Other options for managing barbiturate toxicity include forced alkaline diuresis and hemodialysis for severe cases. Bemegride (Megimide) is a central nervous system stimulant that increases respiration and can be used as a treatment for depressant toxicity. It is, however, an emetic which raises the concern of emesis and aspiration.
Management of long-term use involves restoring central nervous system (CNS) inhibitory tone. Abrupt cessation can lead to severe symptoms of withdrawal; therefore, discontinuance of barbiturates should be a gradual taper using medications that demonstrate cross-tolerance, with the first line being benzodiazepines.
The differential diagnosis should include intoxication by other substances with sedative effects, such as benzodiazepines, anticonvulsants (carbamazepine), alcohols (ethanol, ethylene glycol, methanol), opioids, carbon monoxide, sleep aids, and gamma-Hydroxybutyric acid (GHB – a known date rape drug). Natural disease that can result in disorientation may be in the differential, including hypoglycemia and myxedema coma. In the right setting, hypothermia should be ruled out.
Individuals suffering from barbiturate overdose typically do well if they receive prompt medical treatment and are otherwise healthy. Patient outcome depends on the amount of barbiturate taken, the specific barbiturate used, other drugs that were ingested or injected, promptness of medical care, and comorbidities. Individuals with other significant health conditions, such as heart and pulmonary disease, may have a more complicated clinical course. For example, an individual with coronary artery atherosclerosis and/or cardiomegaly (an enlarged heart) will be already prone to suffering a myocardial infarction. Respiratory depression or hypotension from a depressant drug (like a barbiturate) will further decrease the amount of oxygen reaching the heart. An individual with a chronic obstructive pulmonary disease (COPD) or another pulmonary disease will have an increased risk for complications since respiratory drive is compromised with barbiturate toxicity.
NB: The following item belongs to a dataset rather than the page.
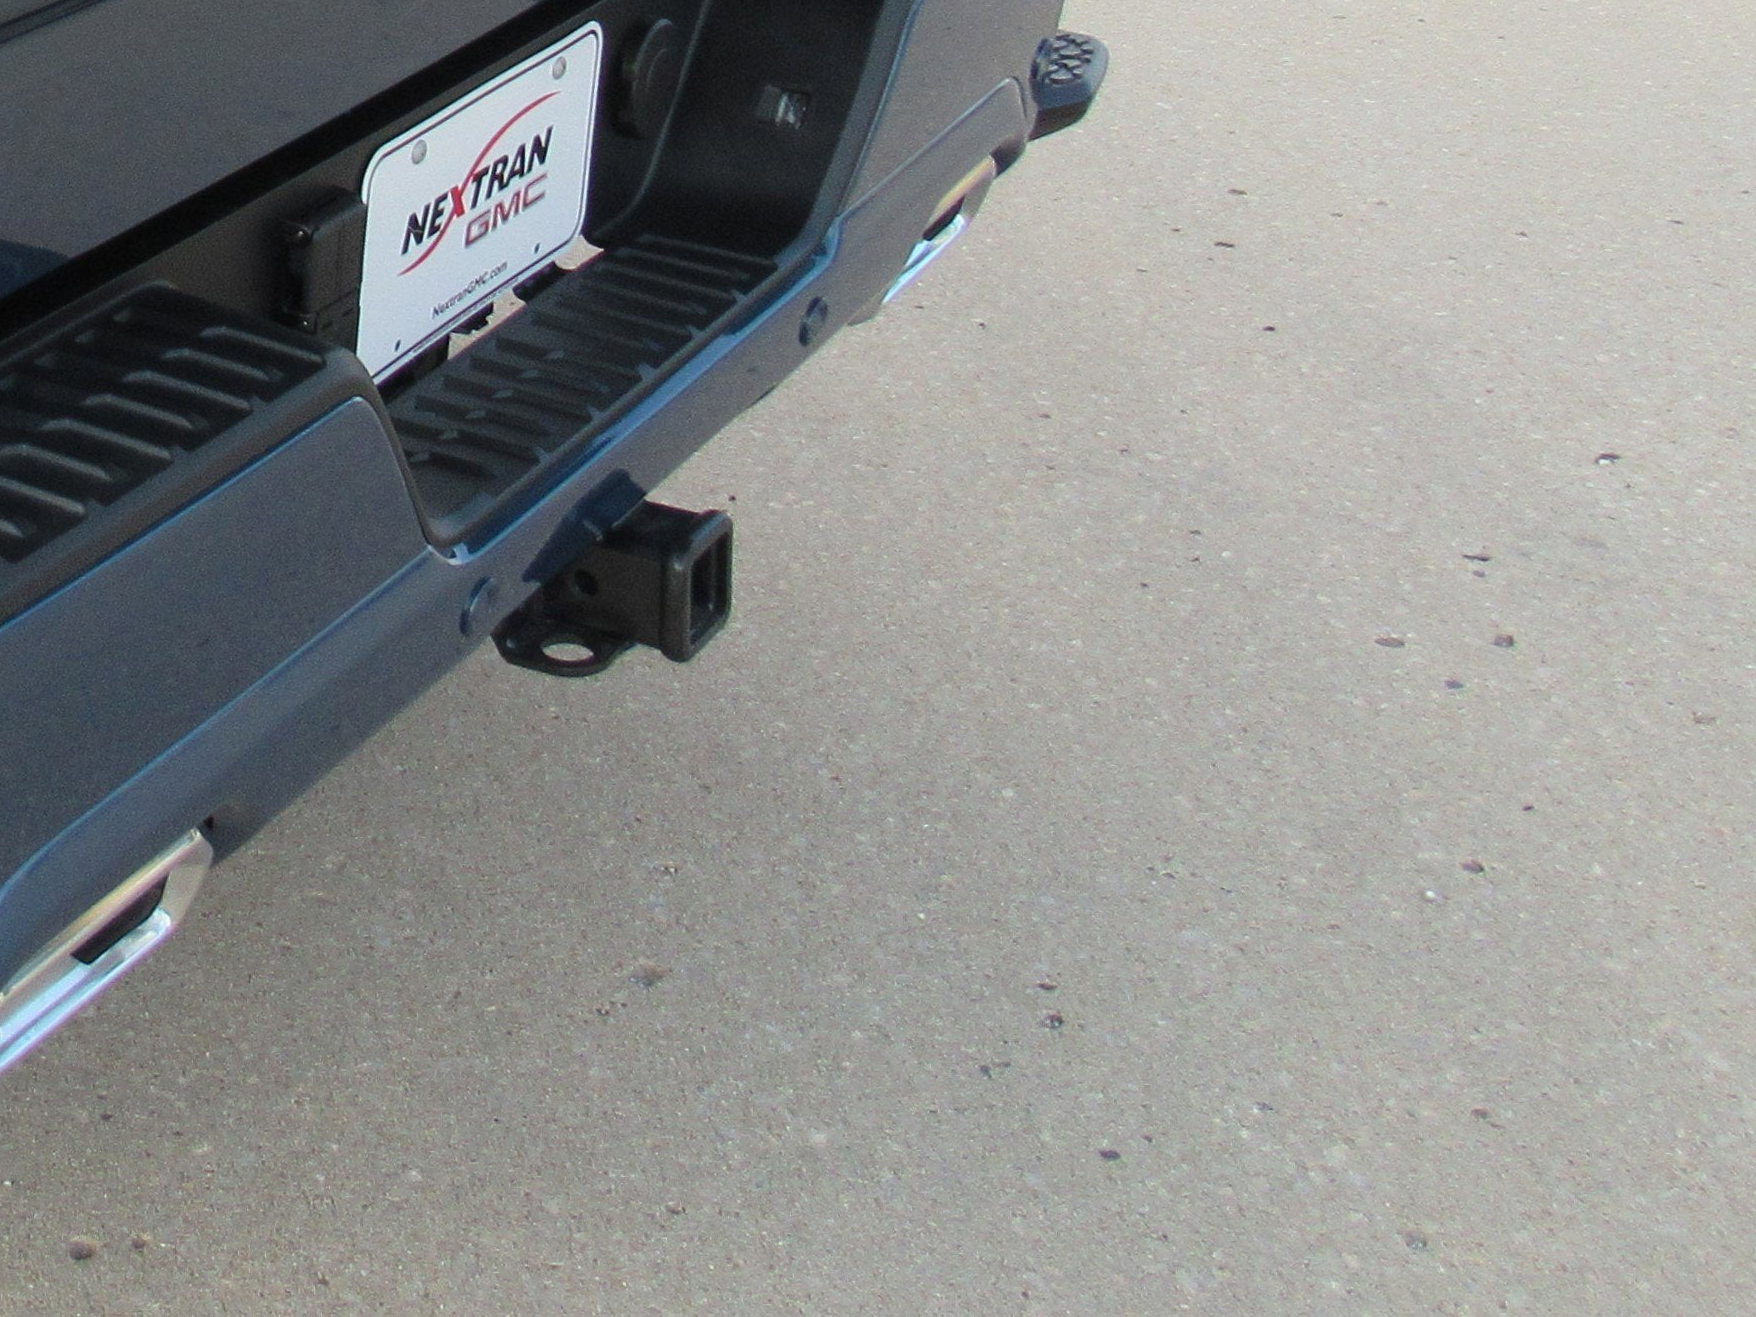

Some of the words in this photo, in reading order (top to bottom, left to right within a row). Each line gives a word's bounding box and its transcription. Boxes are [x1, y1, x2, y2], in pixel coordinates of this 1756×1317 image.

[401, 125, 554, 256] NEXTRAN
[464, 173, 548, 249] GMC
[431, 261, 508, 319] NextranGMC.com
Complications include hypotension, coma, and respiratory depression. It is important to maintain the respiratory and cardiovascular status, as failure to do so can result in hypoxic brain injury and death. Rarely, phenobarbital has been associated with Steven-Johnson syndrome, a medical emergency that results in blisters (especially mucous membranes), fever, and widespread pain.
Long-term abuse has been associated with depression, loss of appetite, achiness, and rarely liver damage. As previously discussed, withdrawal symptoms can be severe, and the patient should be monitored carefully and treated accordingly.
Enhancing Healthcare Team Outcomes
Barbiturate toxicity is not very common today because this class of drugs is less frequently prescribed. However, it is important for all healthcare workers to understand the toxicity of the drug and how to manage it. Despite the lack of an antidote, survival with supportive therapy is excellent. Mortality rates associated with barbiturate toxicity is less than 2%. However, the management of the patient is usually in the ICU with very close monitoring. The key to preventing morbidity and mortality from barbiturate overdose is patient education. The parents should be asked to store the drug in a locked cabinet away from the easy reach of children. Any patient who intentionally takes an overdose of barbiturate should be referred to a mental health counselor prior to discharge. Patients with drug addiction should be referred to a drug rehabilitation center.